Quelli che non frequentano la chiesa (ma si dicono comunque credenti…)  trovano l’andare a messa come qualcosa di inutile, addirittura motivo di rimprovero, per il fatto che spesso la vita di fede di molti praticanti si riduce al culto che si vive la domenica ma poi…. “sono peggio degli altri!” Si dice.
La messa, qualche preghiera la sera e, a volte, il segno della croce prima di prendere i pasti. Questo basta a farci cristiani? Certo è sempre qualcosa, ma non è sufficiente.
Secondo la dottrina della chiesa cattolica dobbiamo rendere culto a Dio tramite la celebrazione della messa domenicale, altrimenti è peccato mortale, poi se per il resto della settimana viviamo esattamente come tutti gli altri, cioè senza alcuna evidente differenza rispetto a chi non crede, beh, non ci fa niente.

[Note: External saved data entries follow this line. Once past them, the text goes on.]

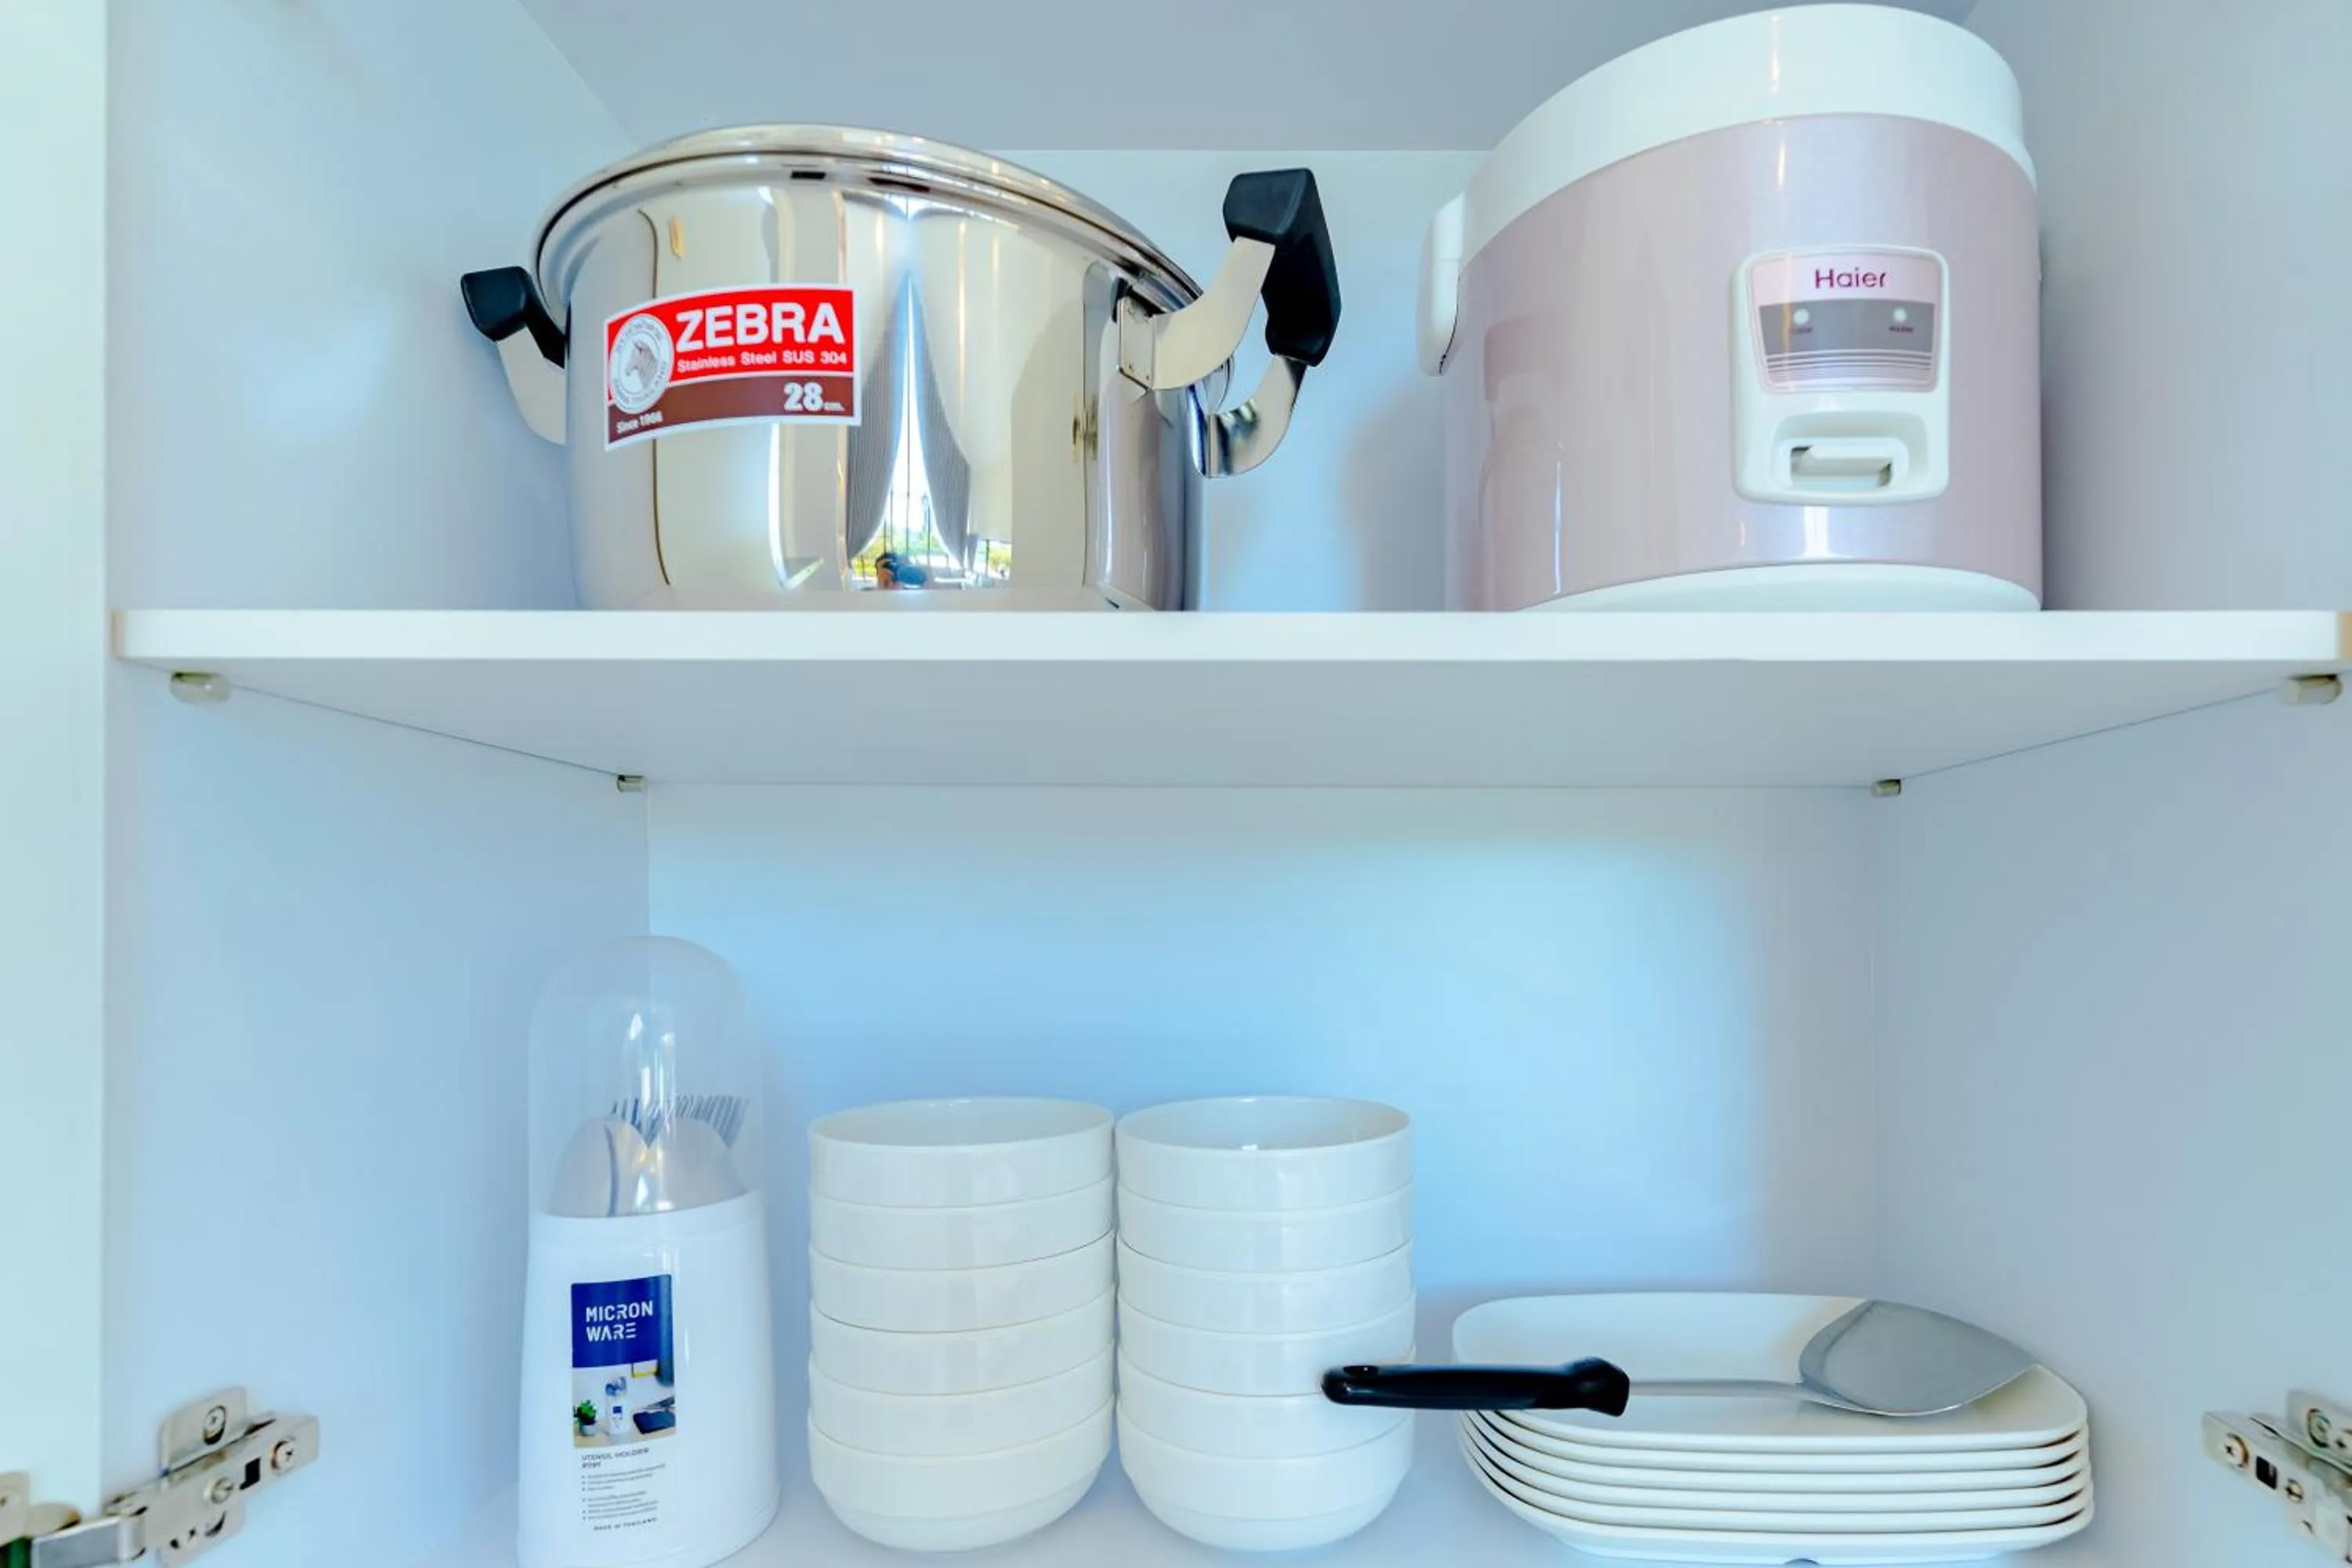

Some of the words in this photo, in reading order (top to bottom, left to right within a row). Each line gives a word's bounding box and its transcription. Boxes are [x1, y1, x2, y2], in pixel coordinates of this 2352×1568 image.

[1815, 267, 1886, 289] Haier
[676, 303, 846, 353] ZEBRA
[677, 355, 735, 373] Stainless
[741, 351, 777, 366] Steel
[782, 350, 814, 365] SUS
[820, 351, 847, 365] 304
[586, 1300, 653, 1323] MICRON
[586, 1322, 637, 1342] WARE

Forse avremmo bisogno di pregare di più. Anche perché ascoltare quello che il sacerdote recita sull’altare e  certe volte quasi nessuno capisce, o ripetere meccanicamente le risposte che il rito ci propone, senza consapevolezza, senza intenzione evidente, senza metterci il cuore… forse non è pregare.
Immagino molti che storcono il naso.
Domandiamoci per prima cosa quale è il significato della preghiera.
Ora, senza andare a scomodare i sapientoni delle varie religioni e rimanendo terra terra, penso che potremo definire la preghiera come un modo di rapportarsi a Dio.
Ovviamente questo modo cambia in relazione ad un mucchio di variabili: voglio chiedergli qualcosa? Desidero ringraziarlo per qualcos’altro? Lo voglio lodare perché mi sento grato e felice? Lo voglio rimproverare (con rispetto e devozione comunque) perché mi sento abbandonato? Desidero stare semplicemente alla sua presenza? Ebbene ci sono mille motivi e dunque mille modi per rapportarsi al nostro Creatore e Padre. E fra l’altro, siccome un interlocutore sono io stesso, questa mia unicità complica ulteriormente le cose. E allora come si prega?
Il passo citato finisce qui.